Read the code carefully below to understand the fitting and assessment procedure.

In [7]:
%run microsoft_custom_linear_regressor
from sklearn.linear_model import LinearRegression, Ridge
from sklearn.metrics import mean_squared_error, mean_absolute_error
from sklearn.preprocessing import StandardScaler
import pandas as pd
import graphing # custom graphing code. See our github repository

# Create and fit the model
# We use a custom object that we have hidden from this notebook as
# you do not need to understand its details. This accepts:
# 1) our features (X)
# 2) our labels (y)
# 3) a cost function to try to minimise. Here we will use 
#    mean_squared_error (from sklearn) as our cost function
X = dataset.year
y = dataset.min_temperature

model_ols = MicrosoftCustomLinearRegressor().fit(X, y, mean_squared_error)

# Make predictions on the training data
y_ols_pred = model_ols.predict(X)

# Calculate how far those predictions were from the expected
# results. For this, use mean squared error, which is the 
# same as our cost function
mse_ols = mean_squared_error(y, y_ols_pred)
print(f"MSE Ordinary Least Squares: {mse_ols}")

# We also calculate the mean absolute difference for reference
# later in this exercise 
mad_ols = mean_absolute_error(y, y_ols_pred)
print(f"MAD, Ordinary Least Squares: {mad_ols}")


# Graph the model
graphing.scatter_2D(dataset, 
                    label_x="year", 
                    label_y="min_temperature", 
                    trendline=model_ols.predict)

MSE Ordinary Least Squares: 147.49019906534954
MAD, Ordinary Least Squares: 9.25061456833484


Our OLS method normally does well, but here it did a poor job - the line is a far distance from the values for many years. Why? Notice the datapoint at the bottom left doesn't seem to follow the trend of the other datapoints. 1950 was a very cold winter in Seattle, and this datapoint is strongly influencing our final model (the blue line). What happens if we change the cost function?

## Second method: Mean Absolute Deviation

The second cost function we will look at is called _Mean Absolute Deviation_ (MAD). 

This is similar to OLS, except that instead of calculating the squared difference between predictions and expected values, it calculates the absolute difference. This means that outlier points have less effect on the regression than they do in OLS.

Let's repeat what we've just done, but using MAD.

In [8]:
from sklearn.base import BaseEstimator
from scipy.optimize import minimize
import numpy as np

# Create and fit the model, using MAD
# skikit provides use with a MAD function, called mean_absolute_error
model_mad = MicrosoftCustomLinearRegressor().fit(X, y, mean_absolute_error)

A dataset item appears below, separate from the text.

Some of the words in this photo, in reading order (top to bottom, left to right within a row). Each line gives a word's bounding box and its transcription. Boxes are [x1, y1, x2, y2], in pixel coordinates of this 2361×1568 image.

# Make predictions, and calculate the error term
y_mad_pred = model_mad.predict(X)

# Calculate the error, using mean squared error
mse = mean_squared_error(y, y_mad_pred)
print(f"MSE error for MAD model: {mse}")

# Calculate the error, using MAD
mad = mean_absolute_error(y, y_mad_pred)
print(f"MAD error for MAD model: {mad}")

# Graph the result
graphing.scatter_2D(dataset, 
                    label_x="year", 
                    label_y="min_temperature", 
                    trendline=model_mad.predict)

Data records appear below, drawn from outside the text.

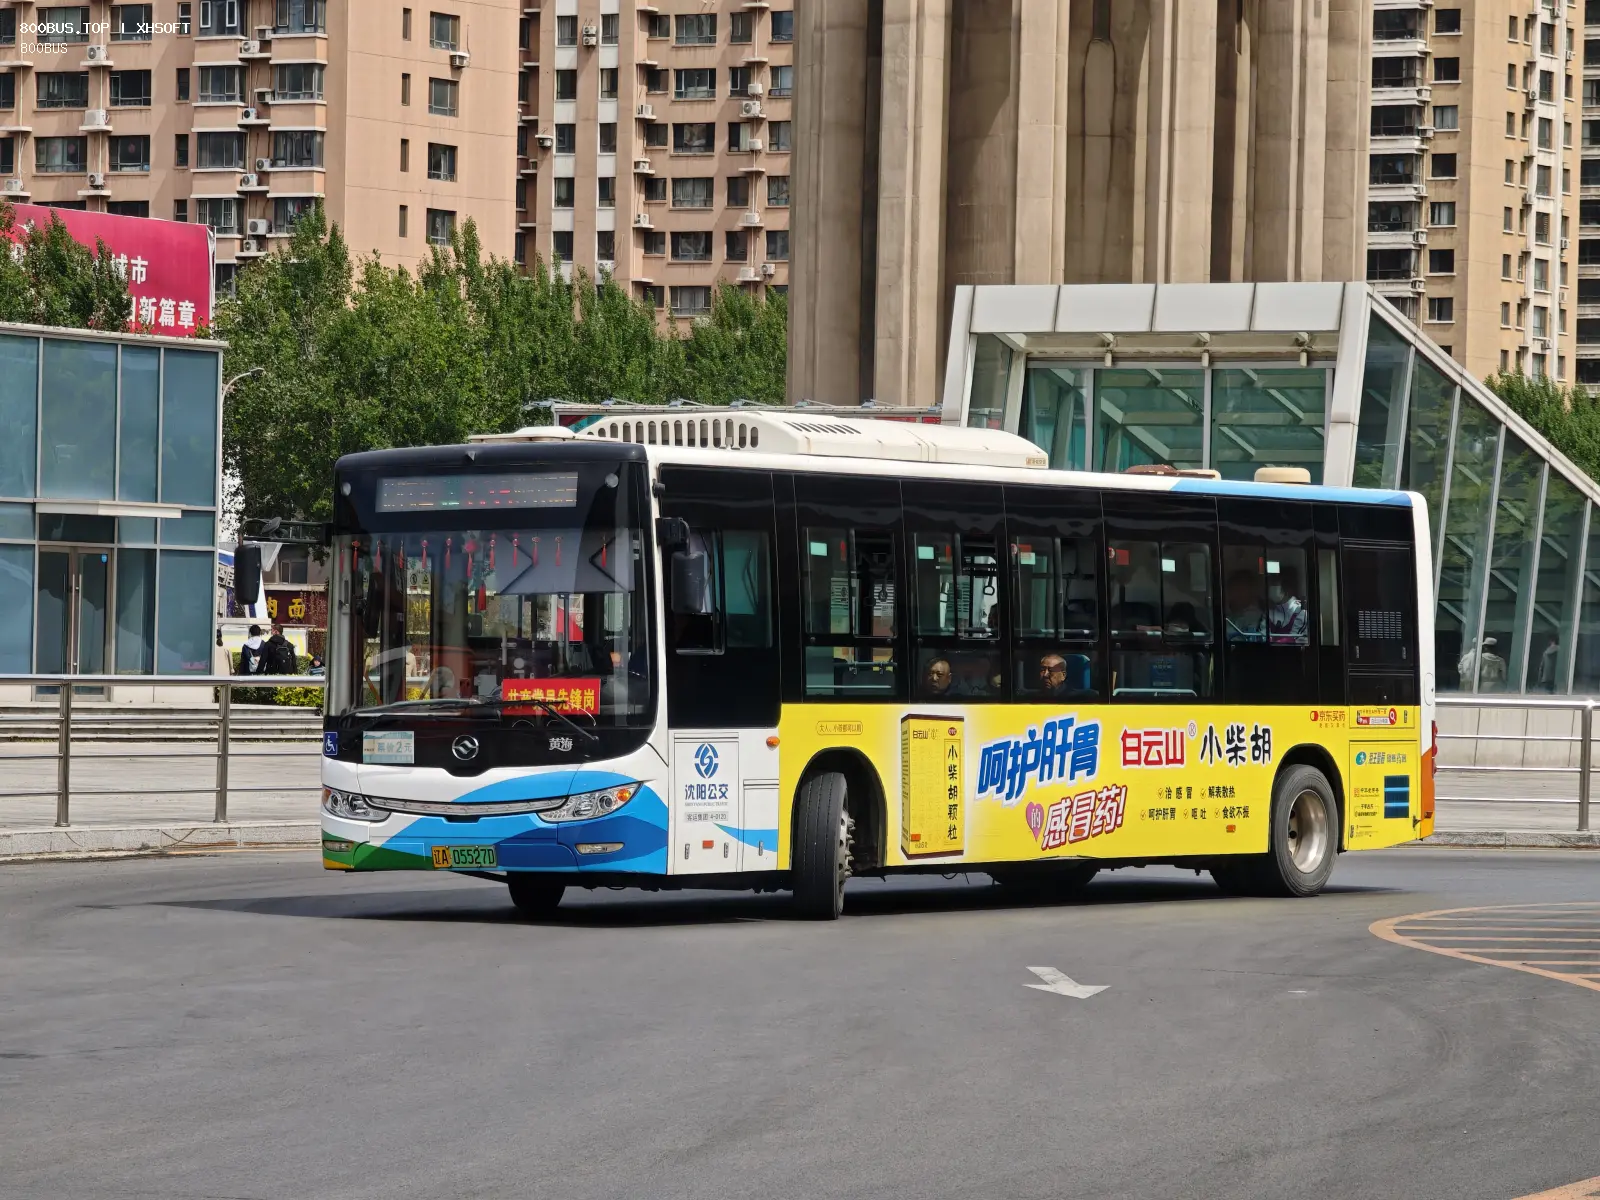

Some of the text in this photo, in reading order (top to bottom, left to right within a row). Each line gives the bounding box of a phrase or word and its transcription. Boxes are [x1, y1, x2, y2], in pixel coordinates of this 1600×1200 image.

[127, 296, 195, 329] 新篇章
[1319, 710, 1346, 722] 京东买药
[548, 737, 574, 752] 黄海
[1121, 728, 1186, 767] 白云山
[1200, 724, 1272, 766] 小柴胡
[977, 716, 1100, 800] 呵护肝胃
[684, 783, 729, 800] 沈阳公交
[947, 744, 958, 841] 小柴胡颗粒
[1208, 785, 1236, 799] 解表散热
[1222, 805, 1250, 820] 食欲不振

MSE error for MAD model: 196.77019826098672
MAD error for MAD model: 7.992568442937199


It's clear that this line passes through the majority of points much better than OLS did, at the expense of almost ignoring the measurement taken in 1950. 

In our farming scenario, we're interested in how average temperatures are changing over time. We don't have much interest in 1950 specifically, so for us this is a better result. In other situations, of course, we might consider this result worse.

Looking at costs calculated, notice how:
* MSE is better for OLS regression.
* MAD is better for the MAD regression. 

We can expect these differences, because OLS aims to minimise MSE, ignoring MAD. The MAD option aims for the opposite.

## Summary

In this exercise, you learned about how changing the cost function used during fitting can result in different final results. 

We also learned how this behaviour is because these cost functions describe the 'best' way to fit a model, although from a data analyst's point of view there can be drawbacks no matter which cost function is chosen.